General Anthony Wayne (ref.)
Wayne's “fiery temper and battlefield bravado,” says Heller, earned him the title of “Mad,” and there was nothing he would not do to further the cause. His greatest triumph “was the capture of the nearly impregnable British fort of Stony Point, New York, in 1779 - "the beginning of the end of the American Revolution." (ref.). When General George Washington asked the brash general if he would be willing to attack the enemy stronghold, Wayne supposedly replied, ‘Issue the orders, sir, and I will lay siege to Hell.’” Now THAT’s patriotism. Or perhaps insanity. Or both.

American assault on British at Stony Point, NY (ref.)

"Mad" Anthony Wayne monument, Radnor, PA
When you’re standing in a graveyard, it is weird enough knowing that the bones of people are buried beneath your feet. And most of us assume there was flesh on those bones at the time of burial. However, Mad Anthony Wayne only had his bones buried at St. David’s Cemetery in Radnor, Pennsylvania. What happened to the flesh, you may ask? Or you may not think to ask (who would?). Well, this is such a juicy, creepy story that we must not let it go the way of Purgatory and Pluto - we must keep it alive. 

When Wayne died in 1796, his body was buried at Fort Presque Isle near Lake Erie, his final military post. according to UShistory.org, “He was buried in a plain coffin, his initials and date of death driven into the wood using round-headed brass tacks, at the foot of the blockhouse's flagstaff on garrison hill.” Twelve years after his death (1808), Wayne’s son Isaac decided that his father should be buried in the Wayne family plot at St.
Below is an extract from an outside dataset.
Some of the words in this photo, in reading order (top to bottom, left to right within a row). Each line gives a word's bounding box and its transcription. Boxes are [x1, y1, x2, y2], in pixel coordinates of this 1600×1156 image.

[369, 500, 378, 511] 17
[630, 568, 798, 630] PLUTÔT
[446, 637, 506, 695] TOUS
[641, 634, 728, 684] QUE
David’s (this graveyard actually pre-dates the Revolutionary War, having been established in 1715). So he traveled to the military base and paid to have his father’s body exhumed. He was met with a grisly surprise - twelve years after General Anthony Wayne’s death, his body was still intact! Remember, there was no embalming until much later, during the Civil War. (Embalming only became widely popular after Abraham Lincoln's embalmed body traveled from Washington, D.C. to Illinois, where at every train stop, thousands witnessed this new wonder of preservation.)
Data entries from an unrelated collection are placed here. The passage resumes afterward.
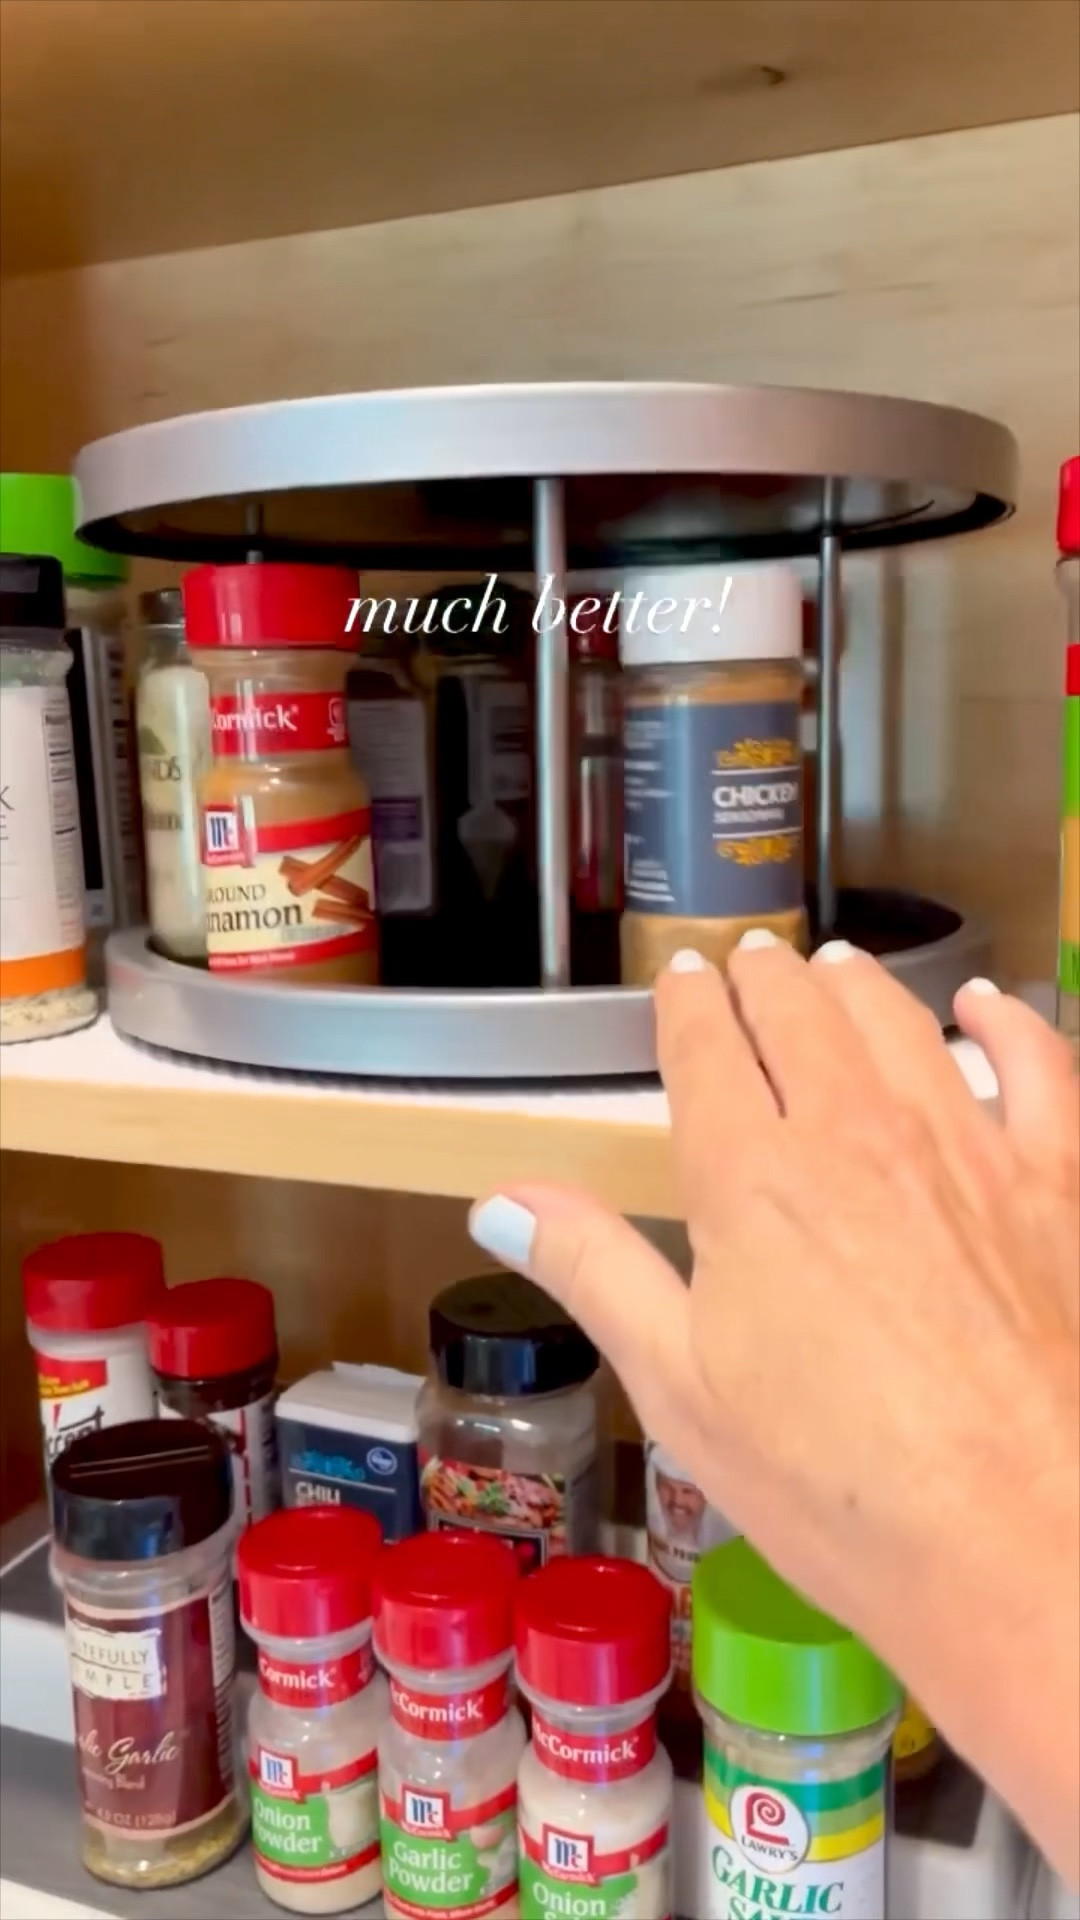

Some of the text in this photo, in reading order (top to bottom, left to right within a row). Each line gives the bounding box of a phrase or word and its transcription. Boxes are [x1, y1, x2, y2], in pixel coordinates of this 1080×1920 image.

[105, 1730, 181, 1775] Garlic
[254, 1797, 311, 1831] Onion
[393, 1841, 462, 1870] Garlic
[741, 1834, 799, 1862] LAWRY'S
[389, 1855, 474, 1894] Powder
[711, 1844, 845, 1914] GARLIC
[532, 1881, 607, 1917] Onion
St. David's Churchyard Cemetery, Radnor, Pennsylvania

Isaac Wayne's "sulky" (ref.)
So an actual body presented a problem, as Isaac had only brought a small horse-drawn cart (known as a sulky) to carry the remains back to Chester County, PA, a 400-mile trek. A local physician, Dr. James Wallace (who had actually been at Wayne’s dying bedside), proposed to boil the flesh off Wayne’s bones, and give the bones to Isaac to be taken away. The flesh and the General’s uniform (along with Wallace’s surgical instruments) were reburied under the flagpole at the military base.
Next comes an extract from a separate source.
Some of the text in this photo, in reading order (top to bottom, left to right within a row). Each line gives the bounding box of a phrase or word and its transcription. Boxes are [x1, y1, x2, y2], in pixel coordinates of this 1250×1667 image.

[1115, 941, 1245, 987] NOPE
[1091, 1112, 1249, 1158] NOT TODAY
Then Isaac began his return journey, with his father's bones in a box in the back of the carriage. Along the rough road from Erie to Radnor, diagonally across the state of Pennsylvania, the box fell off a few times, supposedly scattering bones here and there. In 1809, the remainder of Mad Anthony Wayne’s bones were buried in the Wayne family plot you see in my photographs here, in Radnor, Pennsylvania. The story goes that every year on New Year’s Day - Mad Anthony Wayne’s birthday – “he rises from his grave at St. David’s and rides all the way across the state, looking this way and that for his missing parts.” (ref.)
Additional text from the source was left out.